[[ Source data, beginning ]]

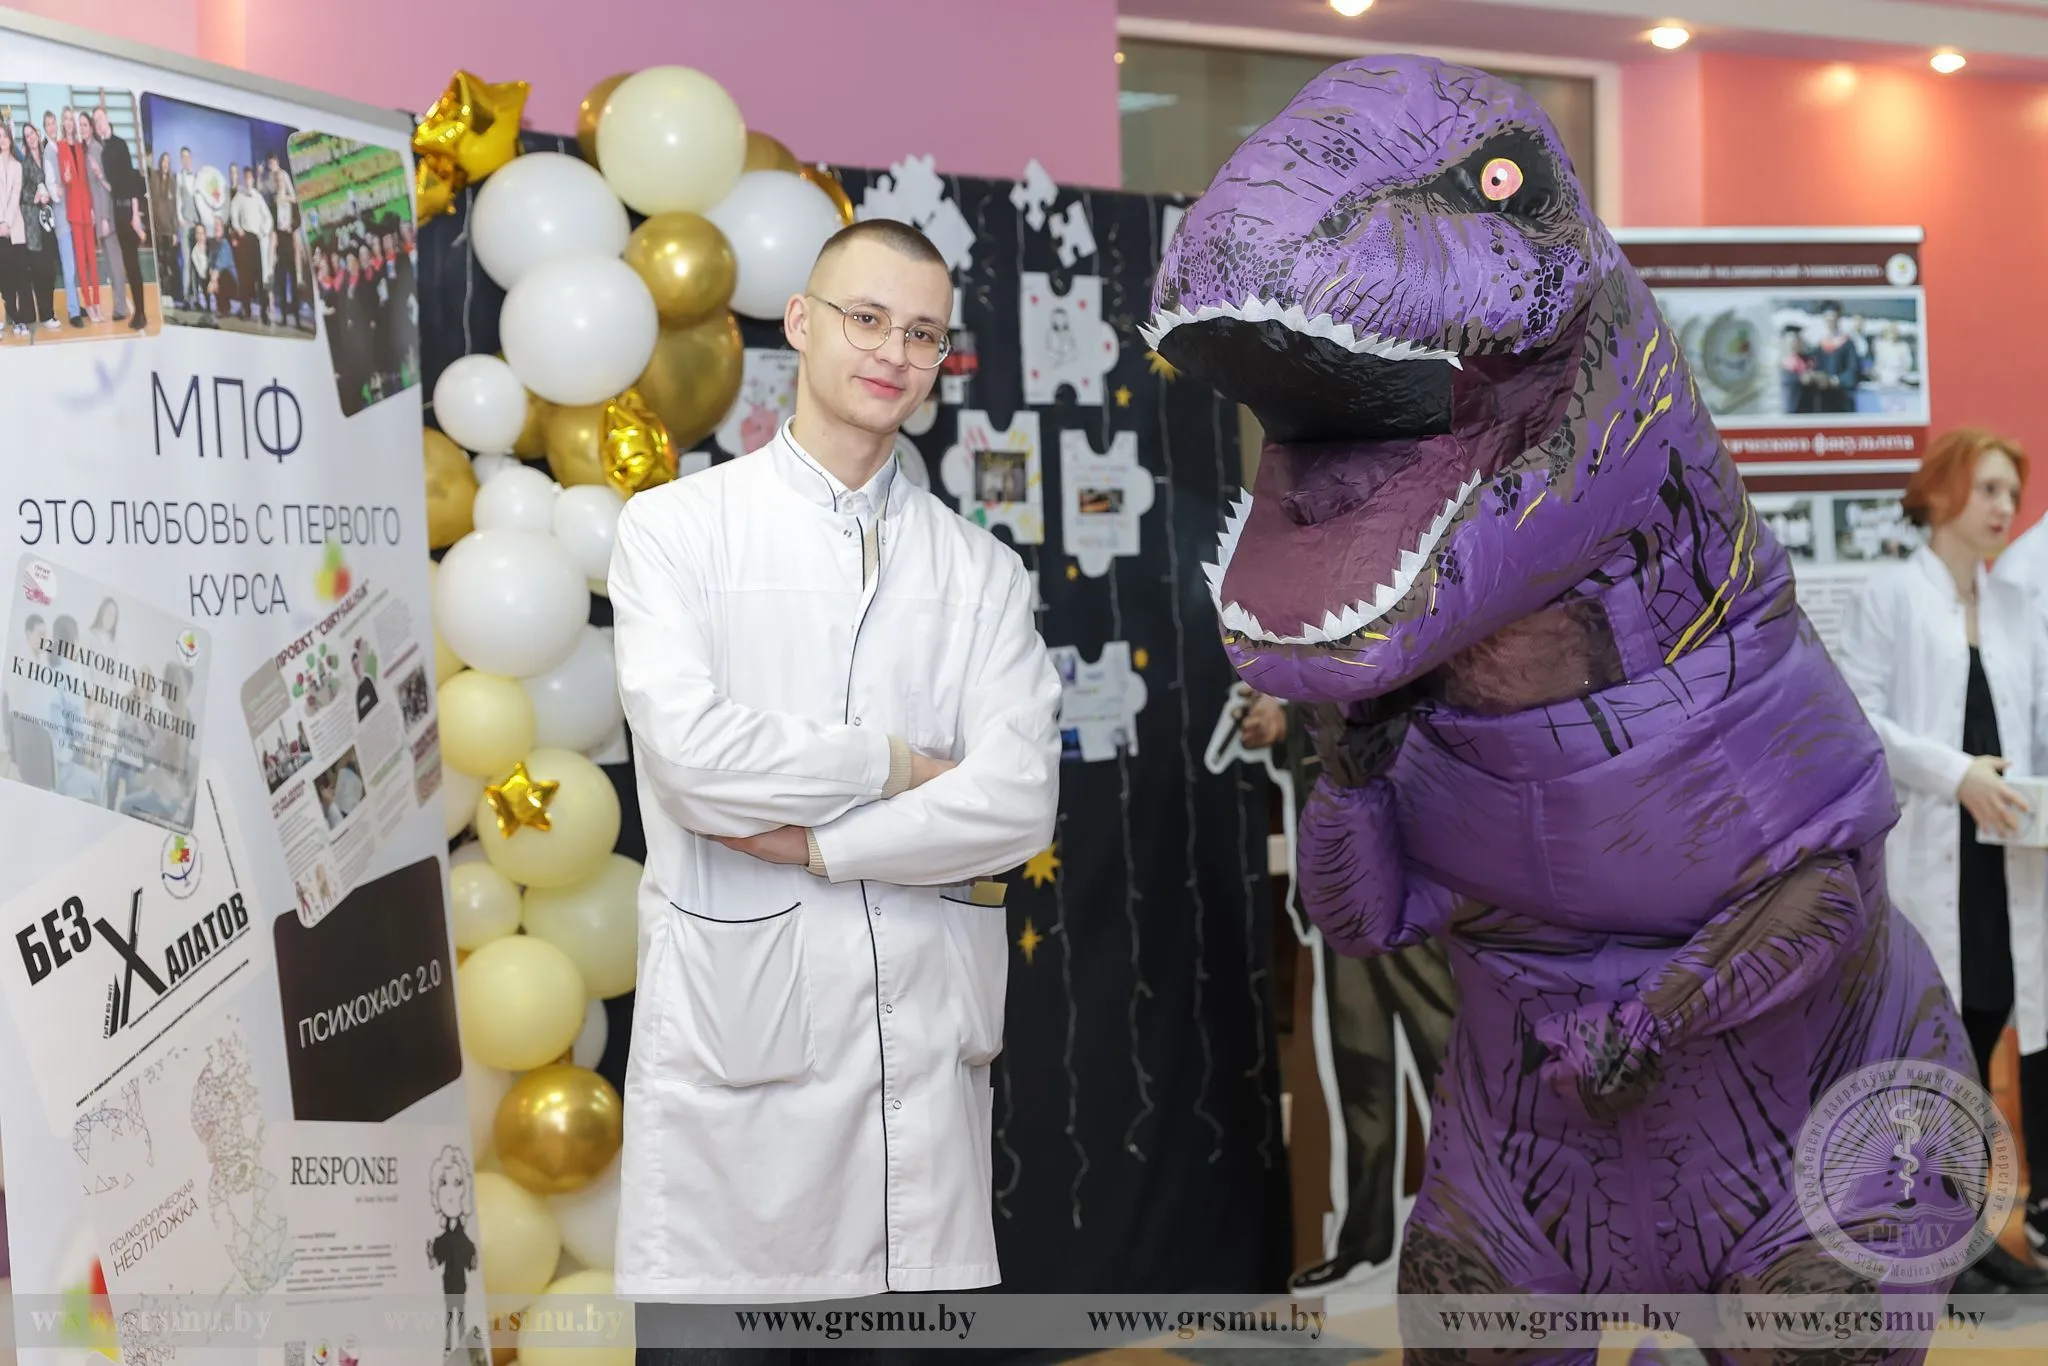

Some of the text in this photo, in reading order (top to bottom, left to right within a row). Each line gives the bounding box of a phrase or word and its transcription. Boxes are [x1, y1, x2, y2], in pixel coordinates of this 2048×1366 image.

[150, 371, 303, 463] МПФ
[19, 499, 400, 547] ЭТО ЛЮБОВЬ С ПЕРВОГО
[188, 573, 290, 617] КУРСА
[39, 637, 179, 703] 12 ШАГОВ НА ПУТИ
[274, 630, 315, 671] ПРОЕКТ
[12, 656, 23, 676] К
[28, 662, 142, 719] НОРМАЛЬНОЙ
[144, 704, 197, 741] ЖИЗНИ
[15, 895, 92, 987] БЕЗ
[298, 973, 414, 1049] ПСИХОХАОС
[416, 959, 442, 994] 2.0
[291, 1156, 399, 1186] RESPONSE
[113, 1197, 199, 1277] НЕОТЛОЖКА

[[ Source data, end ]]

• [Task instructions]: An exact copy of all the entries is required, and it must contain no pictures.

• [Response area]:
Some of the text in this photo, in reading order (top to bottom, left to right within a row). Each line gives the bounding box of a phrase or word and its transcription. Boxes are [x1, y1, x2, y2], in pixel coordinates of this 2048×1366 image.

[150, 371, 303, 463] МПФ
[19, 499, 400, 547] ЭТО ЛЮБОВЬ С ПЕРВОГО
[188, 573, 290, 617] КУРСА
[39, 637, 179, 703] 12 ШАГОВ НА ПУТИ
[274, 630, 315, 671] ПРОЕКТ
[12, 656, 23, 676] К
[28, 662, 142, 719] НОРМАЛЬНОЙ
[144, 704, 197, 741] ЖИЗНИ
[15, 895, 92, 987] БЕЗ
[298, 973, 414, 1049] ПСИХОХАОС
[416, 959, 442, 994] 2.0
[291, 1156, 399, 1186] RESPONSE
[113, 1197, 199, 1277] НЕОТЛОЖКА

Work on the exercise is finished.